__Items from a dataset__
◇ ◇ ◇ ◇ ◇ ◇ ◇
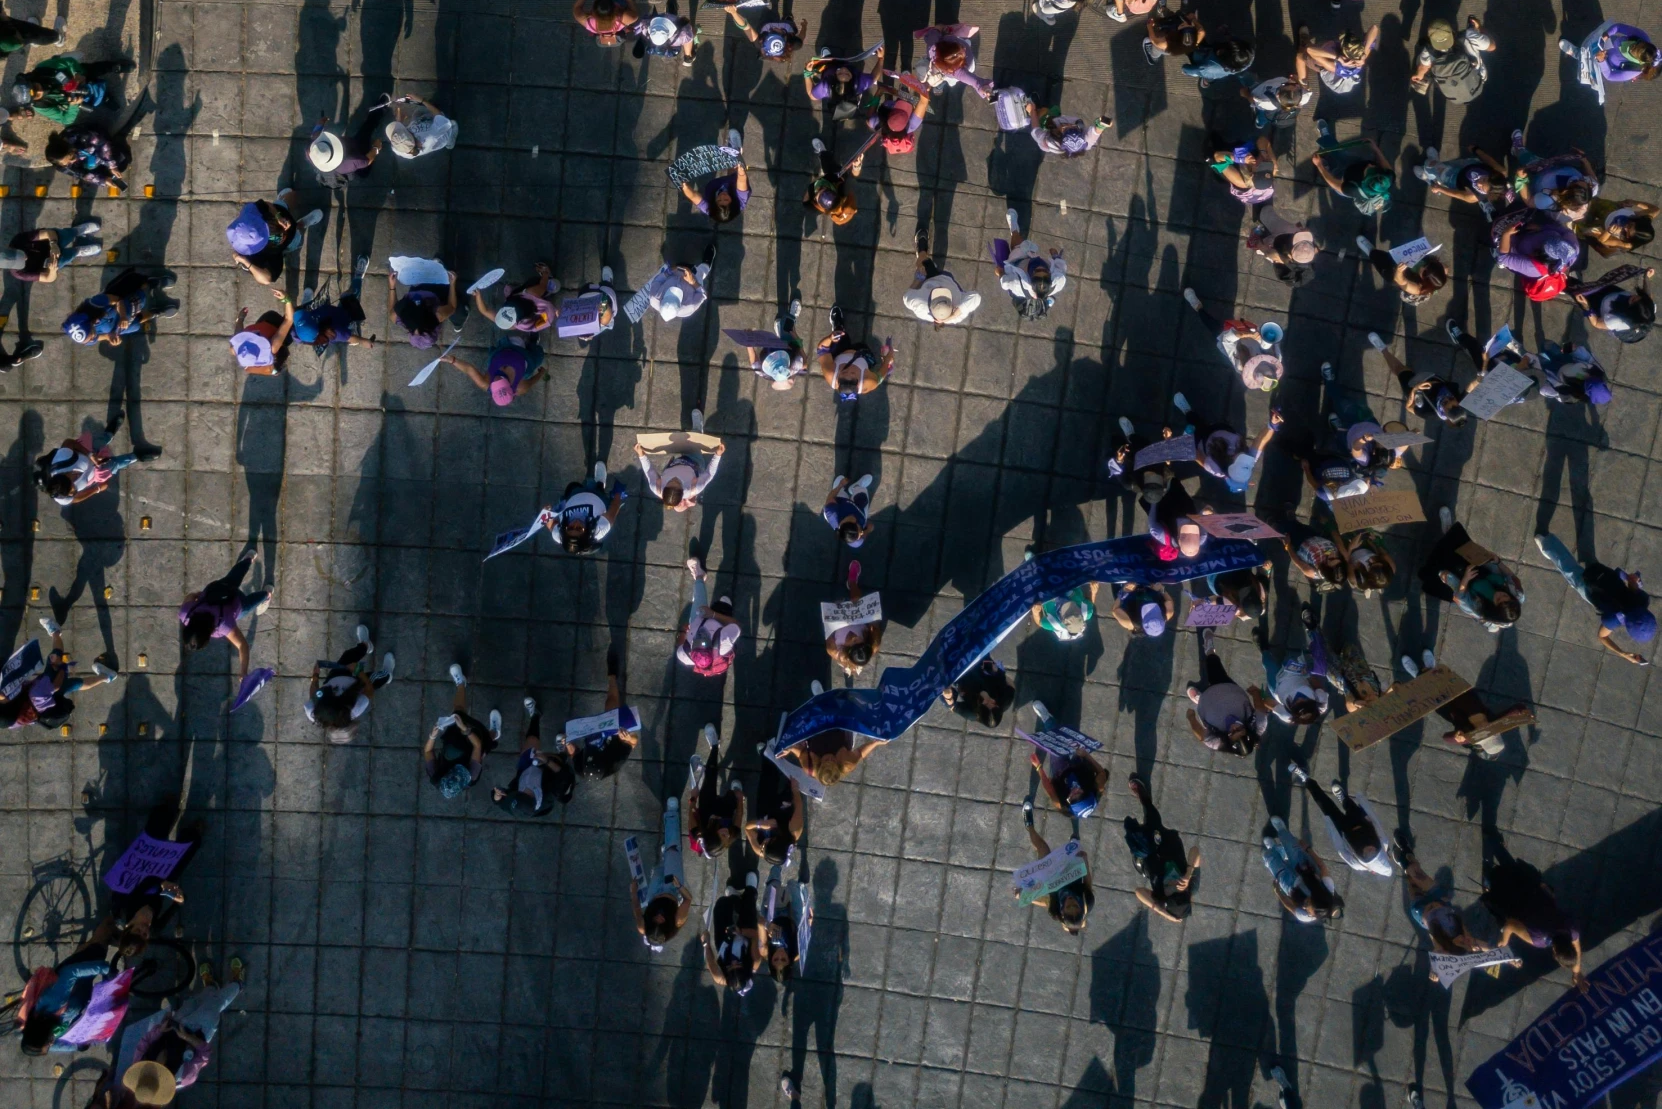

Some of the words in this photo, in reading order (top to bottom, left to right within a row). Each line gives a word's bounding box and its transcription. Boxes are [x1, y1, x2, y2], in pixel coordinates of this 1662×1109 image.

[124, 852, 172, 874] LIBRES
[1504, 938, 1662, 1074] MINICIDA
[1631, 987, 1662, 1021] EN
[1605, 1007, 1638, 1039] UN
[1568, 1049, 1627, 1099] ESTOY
◇ ◇ ◇ ◇ ◇ ◇ ◇
__ACTIVITY__
Without including any pictures, print each record exactly.

__TASK SOLUTION__
Some of the words in this photo, in reading order (top to bottom, left to right within a row). Each line gives a word's bounding box and its transcription. Boxes are [x1, y1, x2, y2], in pixel coordinates of this 1662×1109 image.

[124, 852, 172, 874] LIBRES
[1504, 938, 1662, 1074] MINICIDA
[1631, 987, 1662, 1021] EN
[1605, 1007, 1638, 1039] UN
[1568, 1049, 1627, 1099] ESTOY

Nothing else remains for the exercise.